Семен бросился к Неглинной, бежал без дороги, выбрался на берег, ахнул: там за рекой пылал Кремль, отсветы пламени плясали на воде.
— О господи, они там, в Кремле!
На мосту Семен почти ослеп и оглох от рева пожара, дыма, искр. В душе ничего не осталось, кроме страха за жену и сына.
— Где они? Где они?
А Настя была совсем недалеко.
Поняв, что пожар дойдет до них, она бросила все, хотела бежать в Кремль, сосед правду сказал. Но прямая дорога туда была уже отрезана. Свернув в сторону, Настя тут же заплуталась в дымной тесноте переулков. Где бежала, разве упомнишь? Откуда силы брались! Может быть, не упала, не задохнулась только потому, что Ванюшку к груди прижимала.

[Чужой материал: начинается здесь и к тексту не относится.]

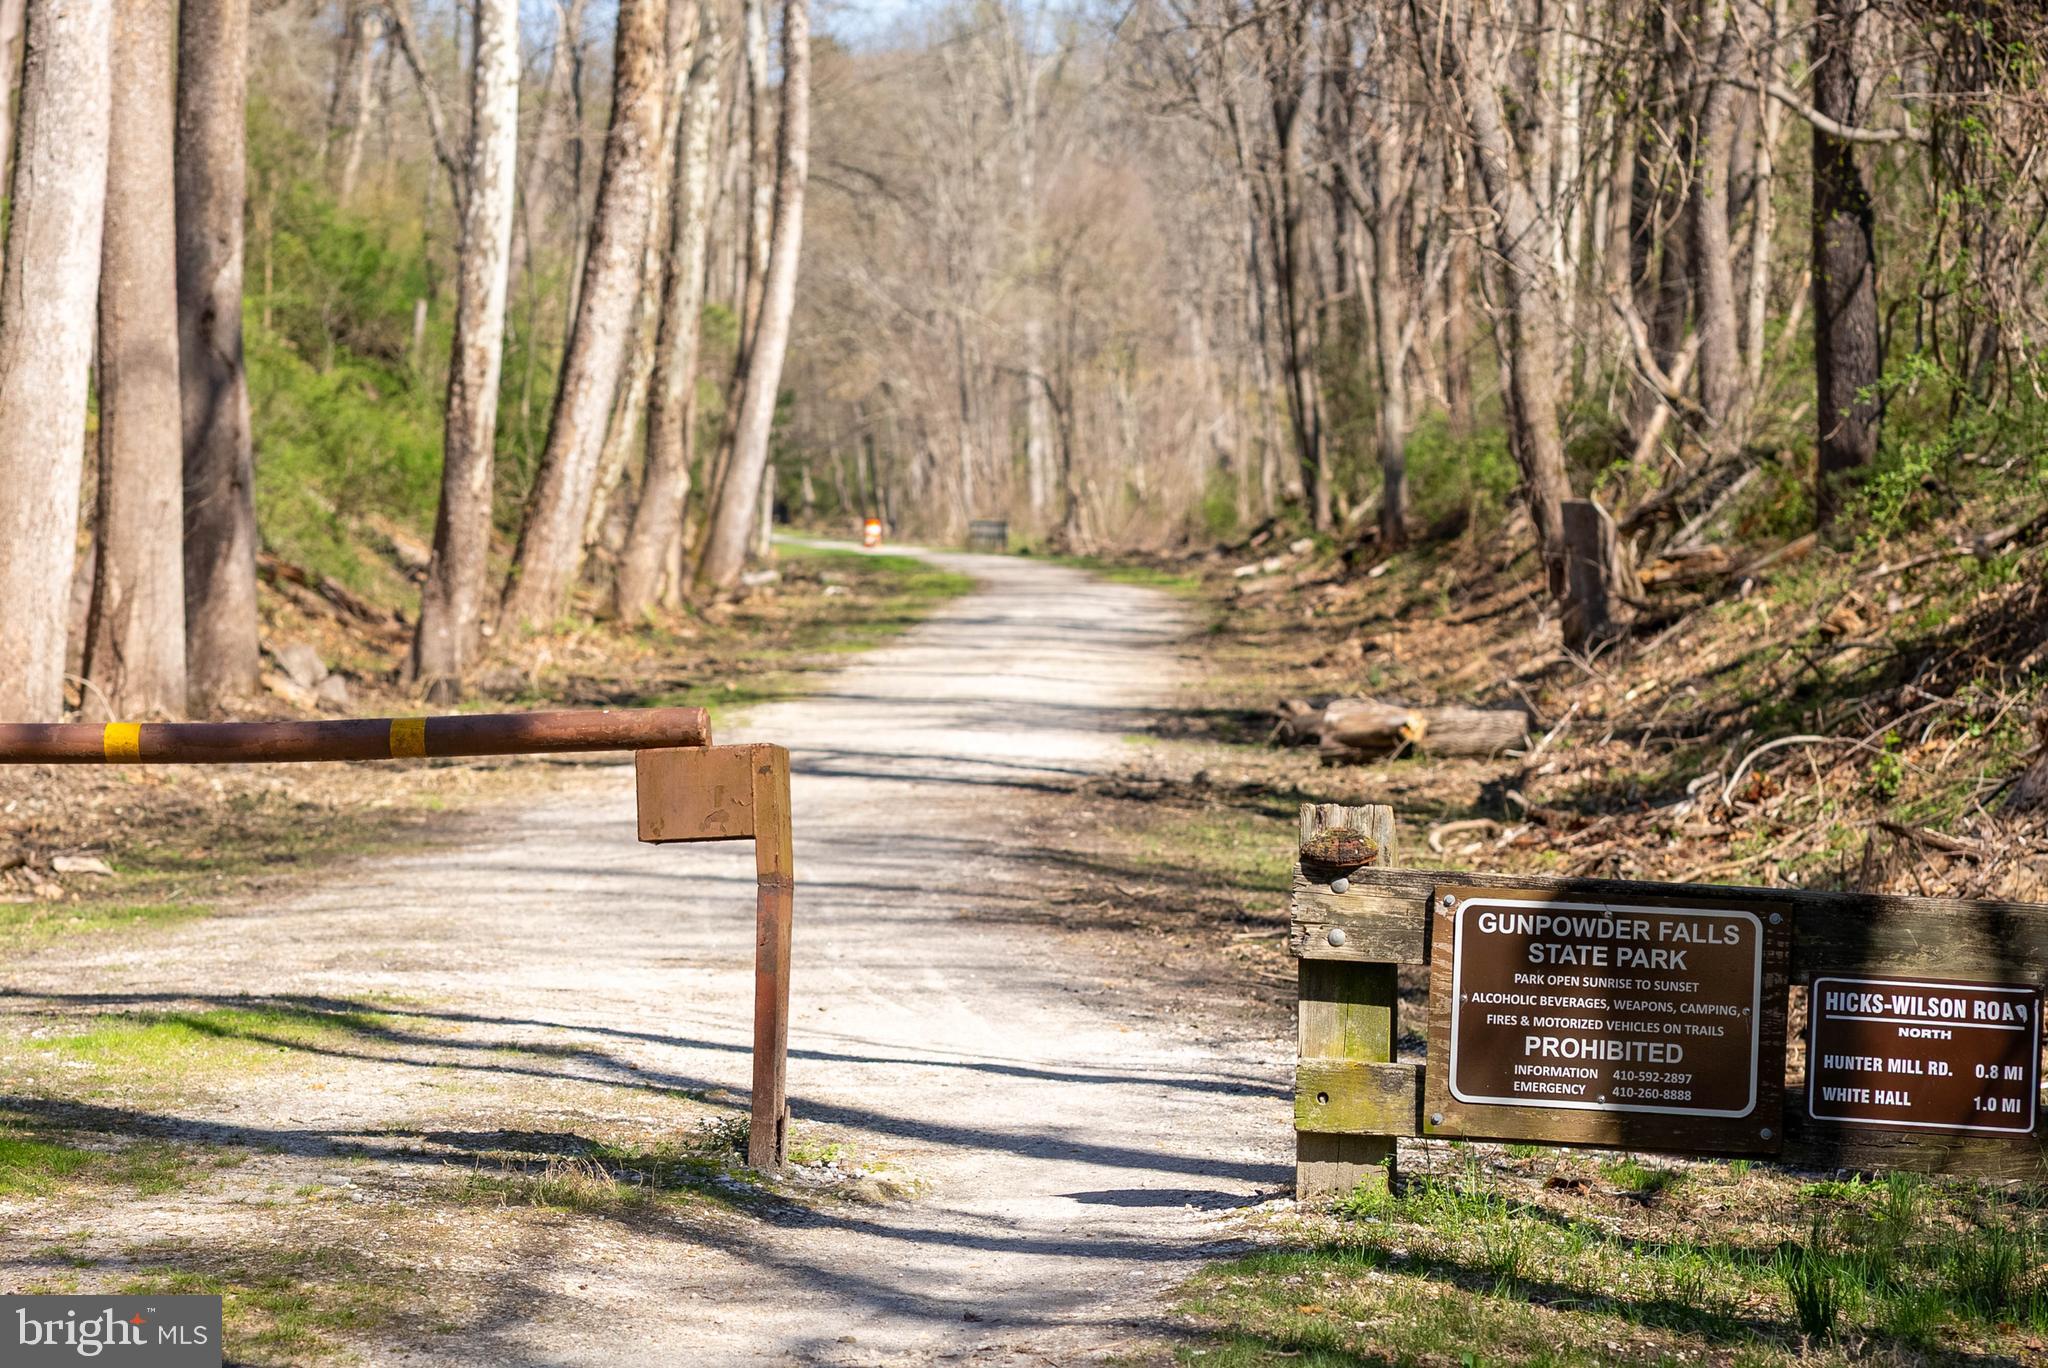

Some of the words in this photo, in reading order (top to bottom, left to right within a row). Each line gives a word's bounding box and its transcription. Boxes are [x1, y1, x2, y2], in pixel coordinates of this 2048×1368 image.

[1478, 912, 1651, 941] GUNPOWDER
[1659, 921, 1740, 945] FALLS
[1528, 943, 1608, 967] STATE
[1617, 950, 1688, 970] PARK
[1514, 973, 1544, 985] PARK
[1547, 975, 1580, 987] OPEN
[1582, 977, 1631, 989] SUNRISE
[1635, 979, 1650, 991] TO
[1654, 980, 1700, 993] SUNSET
[1472, 993, 1537, 1007] ALCOHOLIC
[1540, 996, 1610, 1011] BEVERAGES,
[1614, 1000, 1677, 1014] WEAPONS,
[1680, 1003, 1741, 1018] CAMPING,
[1826, 991, 1966, 1019] HICKS-WILSON
[1487, 1014, 1517, 1026] FIRES
[1520, 1016, 1530, 1027] &
[1533, 1017, 1603, 1031] MOTORIZED
[1606, 1021, 1660, 1034] VEHICLES
[1663, 1023, 1682, 1034] ON
[1684, 1024, 1724, 1037] TRAILS
[1898, 1027, 1952, 1040] NORTH
[1525, 1036, 1684, 1064] PROHIBITED
[1514, 1065, 1598, 1079] INFORMATION
[1613, 1070, 1692, 1084] 410-592-2897
[1824, 1055, 1883, 1072] HUNTER
[1888, 1058, 1923, 1074] MILL
[1928, 1061, 1952, 1076] RD.
[1975, 1064, 1999, 1079] 0.8
[2004, 1066, 2023, 1081] MI
[1513, 1081, 1586, 1095] EMERGENCY
[1612, 1087, 1692, 1101] 410-260-8888
[1822, 1087, 1869, 1104] WHITE
[1875, 1090, 1911, 1106] HALL
[1974, 1097, 1997, 1112] 1.0
[2002, 1098, 2020, 1113] MI
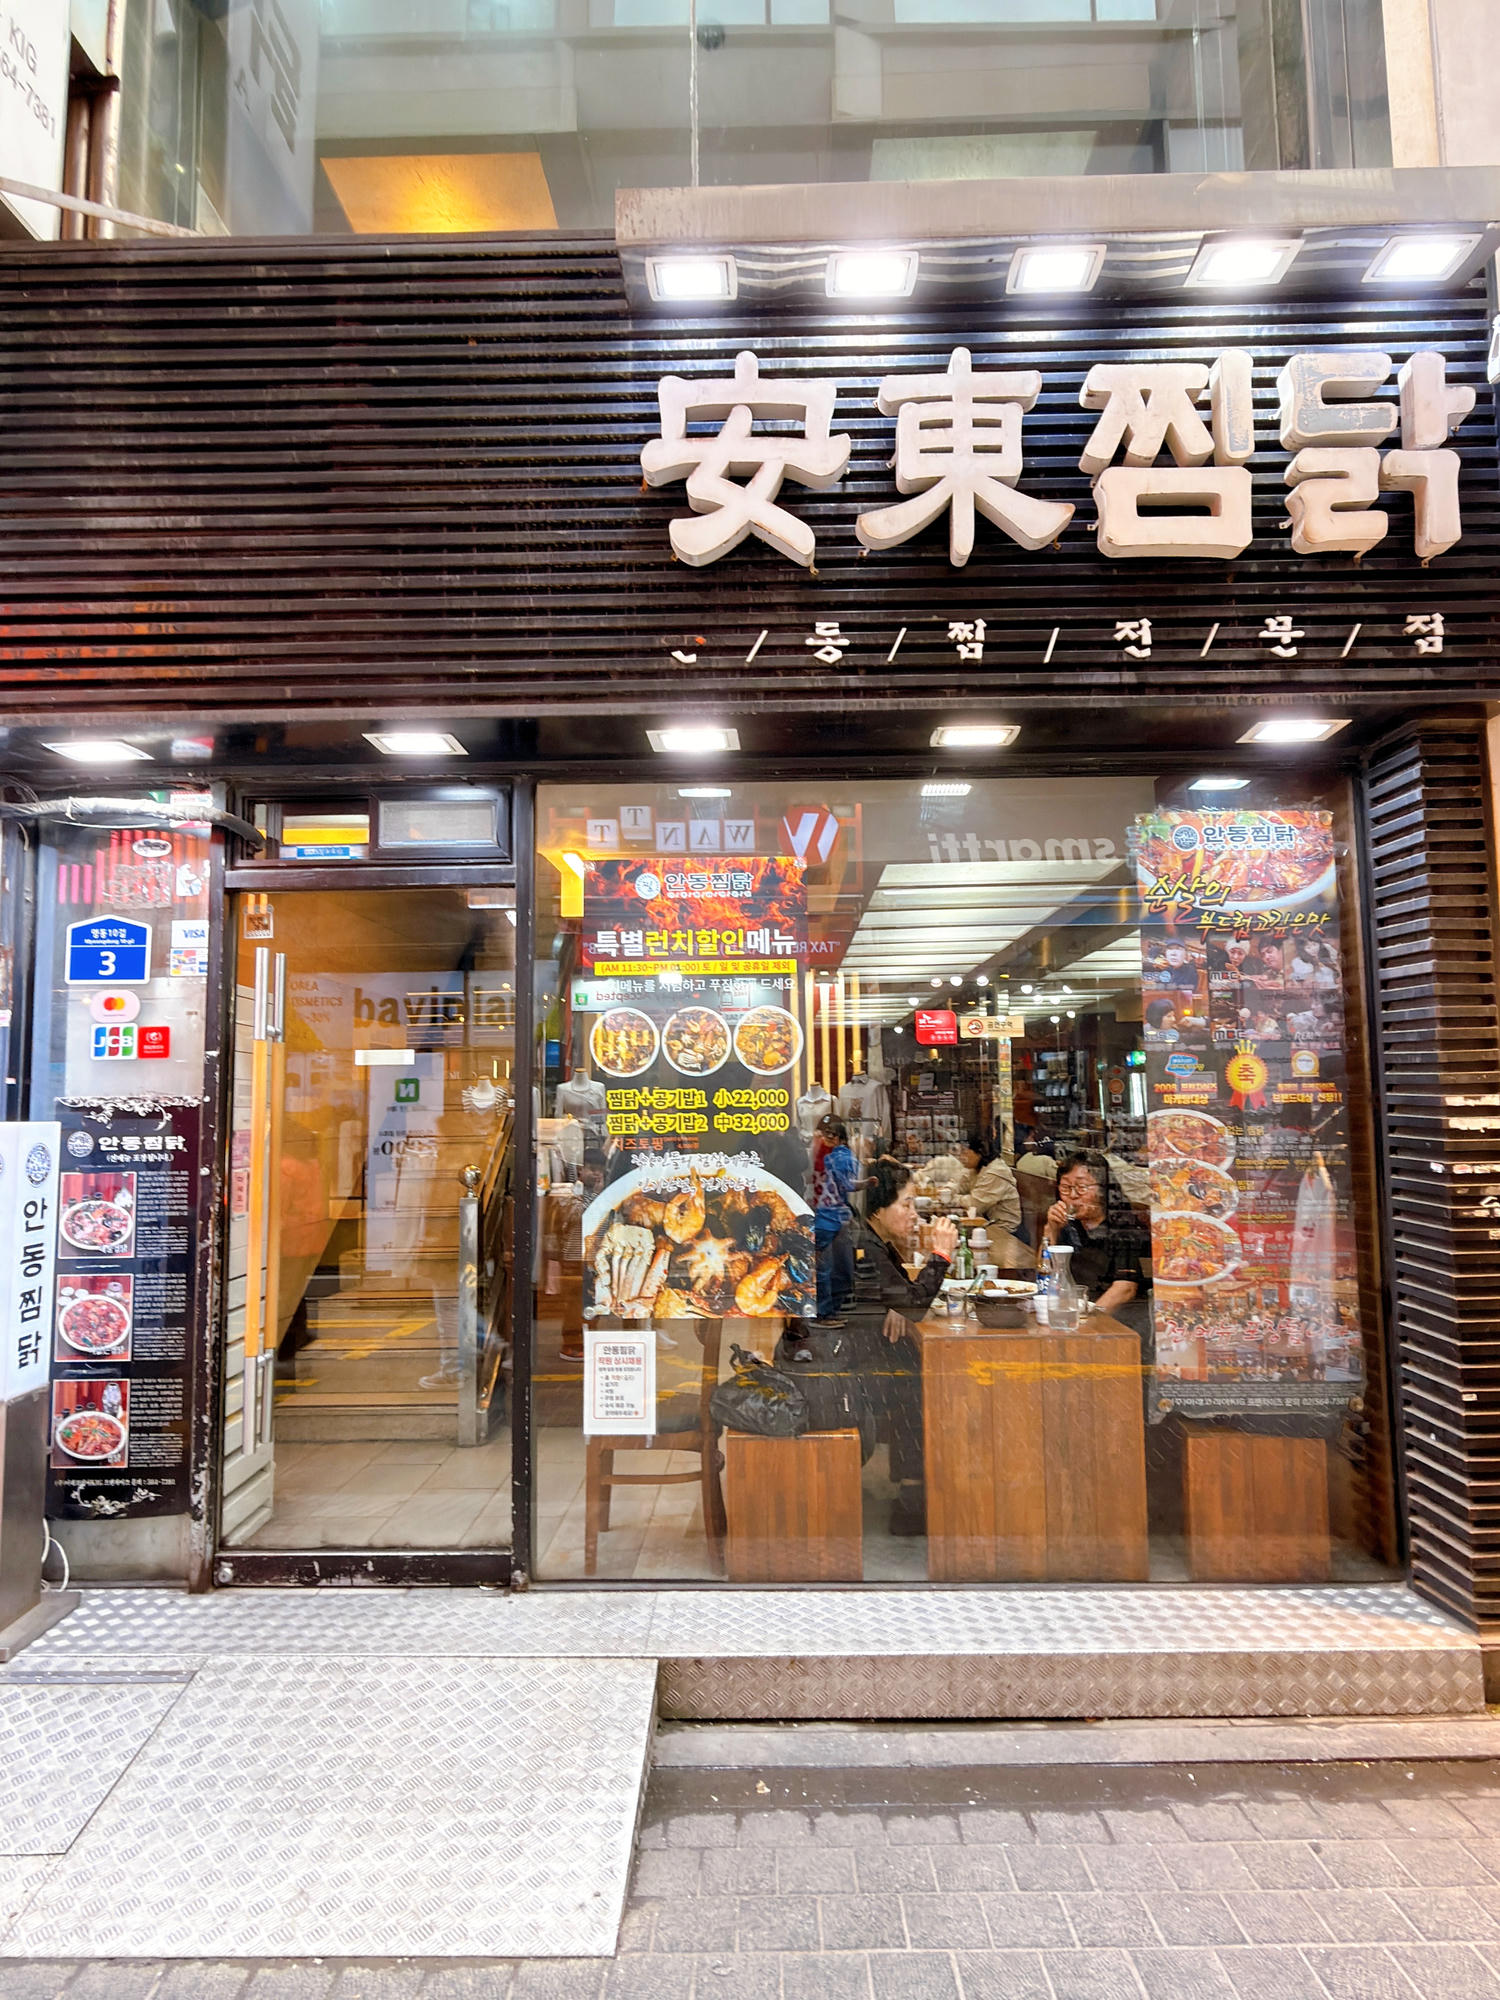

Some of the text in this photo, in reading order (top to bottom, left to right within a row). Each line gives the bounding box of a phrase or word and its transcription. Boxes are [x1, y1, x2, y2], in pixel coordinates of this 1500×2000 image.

[0, 50, 56, 139] 64-7381
[1203, 825, 1296, 843] 안동찜닭
[665, 872, 754, 891] 안동찜닭
[1145, 874, 1231, 924] 순살의
[183, 929, 206, 938] VISA
[98, 951, 116, 976] 3
[761, 976, 795, 991] 드세요
[98, 1135, 187, 1151] 안동찜닭
[18, 1197, 47, 1368] 안동찜닭
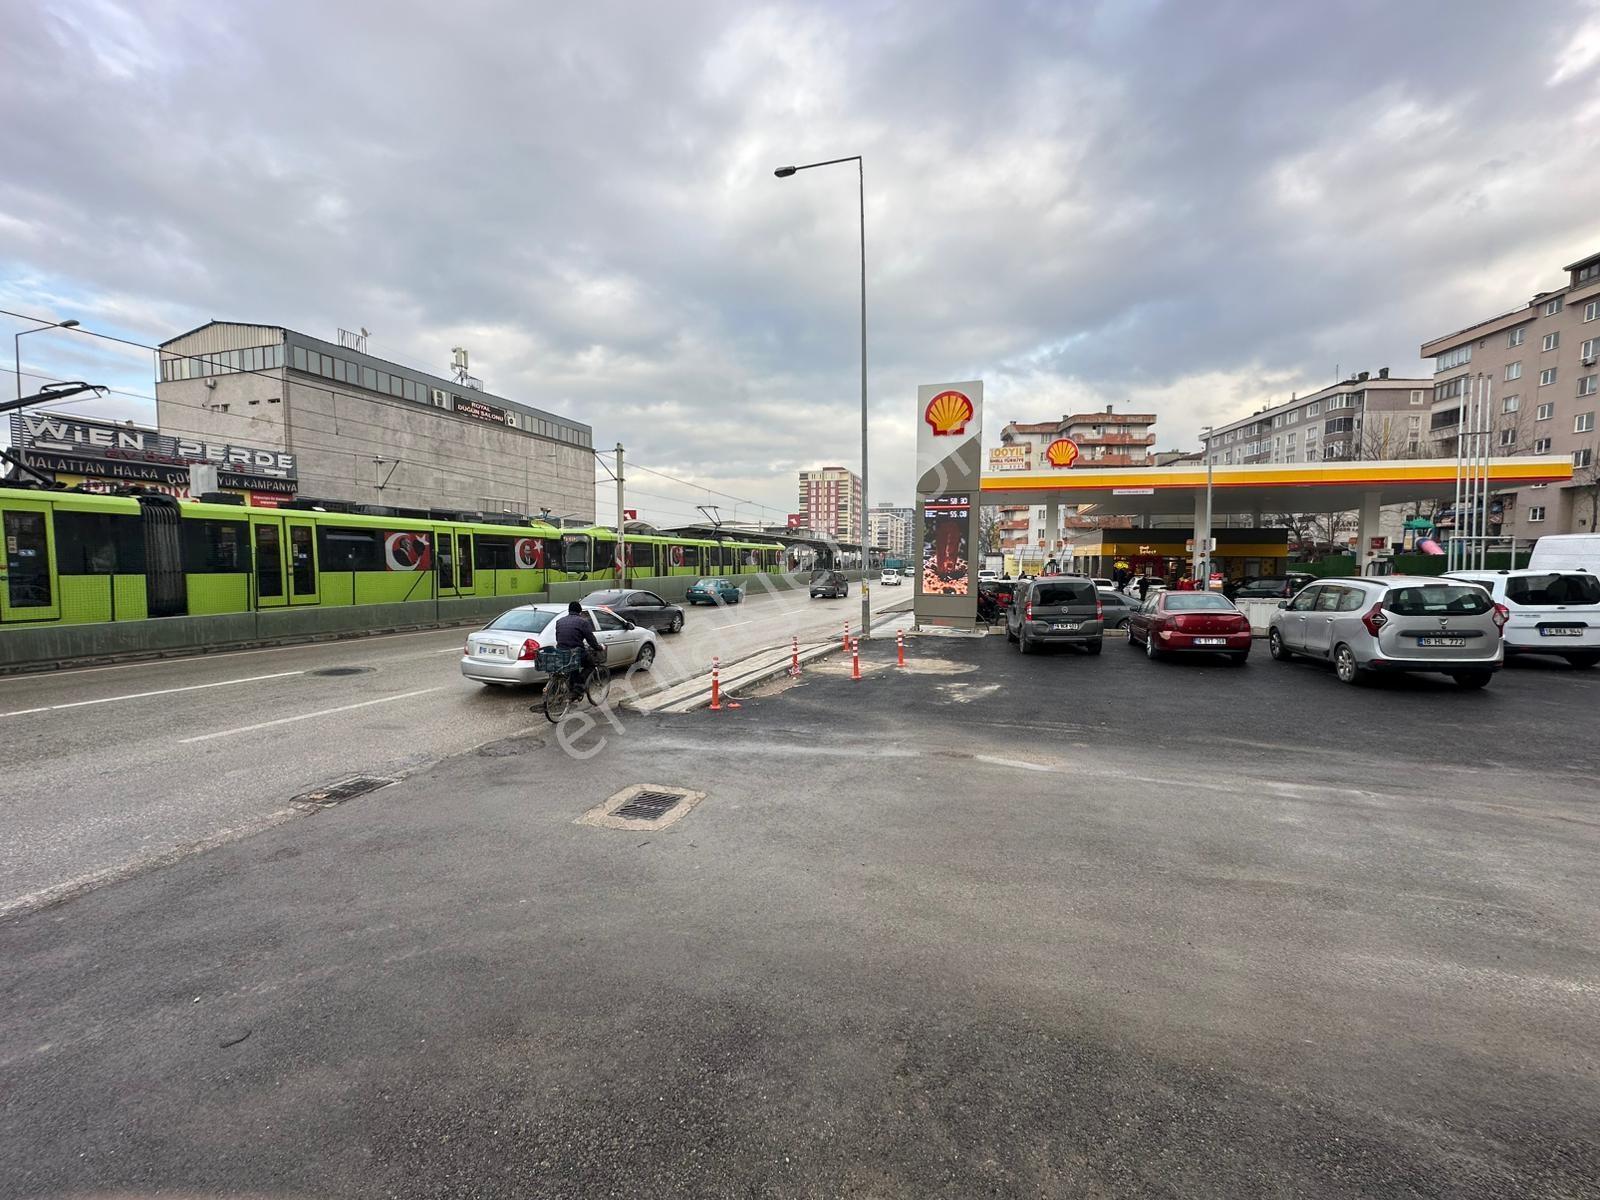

Но пламя шло кругом, охватило, настигло.
Настя рухнула в придорожную канаву, телом своим прикрыла сына. Очнулась оттого, что кто–то теребил ее. Открыла глаза. Сперва увидела, что трава вокруг пожухла, даже сочные листья лопуха покоробило жаром, только потом поняла, что теребил ее Друг.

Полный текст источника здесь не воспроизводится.